> _YOUR INSTRUCTIONS_:
Return all of the entries exactly, but do not include the pictures.

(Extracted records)
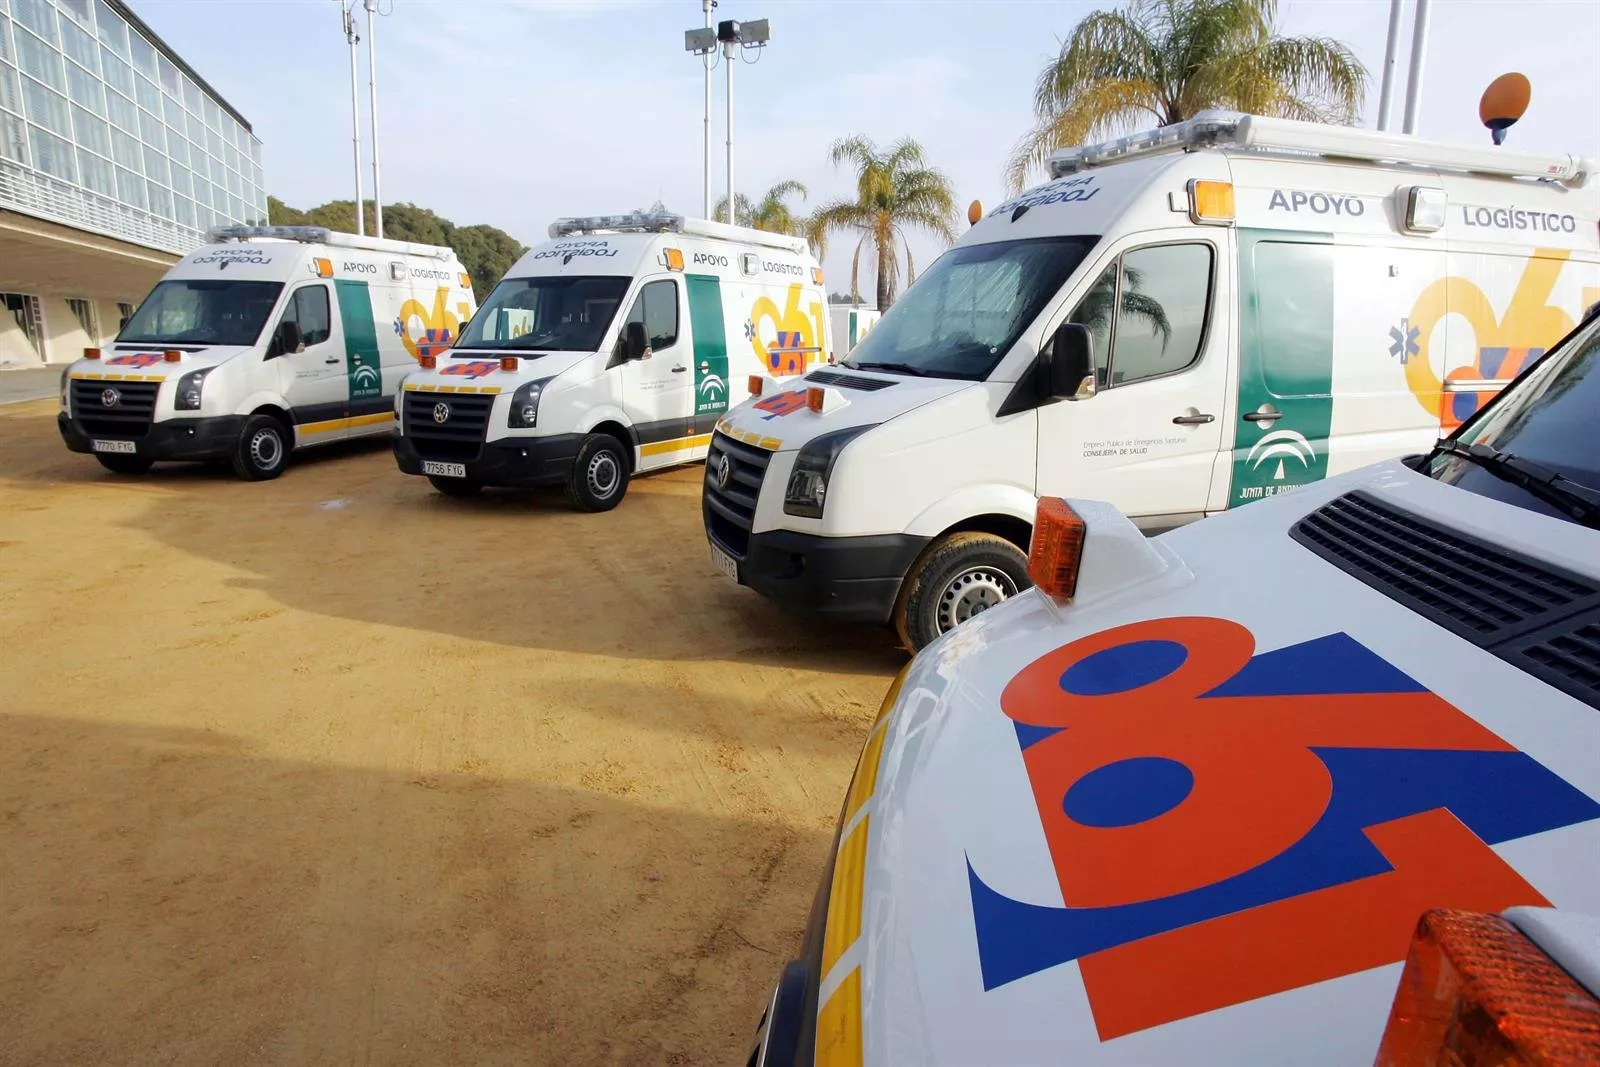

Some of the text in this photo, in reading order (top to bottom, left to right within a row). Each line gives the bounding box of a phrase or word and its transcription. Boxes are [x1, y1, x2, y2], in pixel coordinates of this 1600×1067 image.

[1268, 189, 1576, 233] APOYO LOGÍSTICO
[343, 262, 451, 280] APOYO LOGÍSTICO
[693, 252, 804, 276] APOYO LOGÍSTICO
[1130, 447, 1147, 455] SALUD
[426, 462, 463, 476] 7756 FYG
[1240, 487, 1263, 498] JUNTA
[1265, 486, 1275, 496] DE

> _ANSWER AREA_:
Some of the text in this photo, in reading order (top to bottom, left to right within a row). Each line gives the bounding box of a phrase or word and its transcription. Boxes are [x1, y1, x2, y2], in pixel coordinates of this 1600×1067 image.

[1268, 189, 1576, 233] APOYO LOGÍSTICO
[343, 262, 451, 280] APOYO LOGÍSTICO
[693, 252, 804, 276] APOYO LOGÍSTICO
[1130, 447, 1147, 455] SALUD
[426, 462, 463, 476] 7756 FYG
[1240, 487, 1263, 498] JUNTA
[1265, 486, 1275, 496] DE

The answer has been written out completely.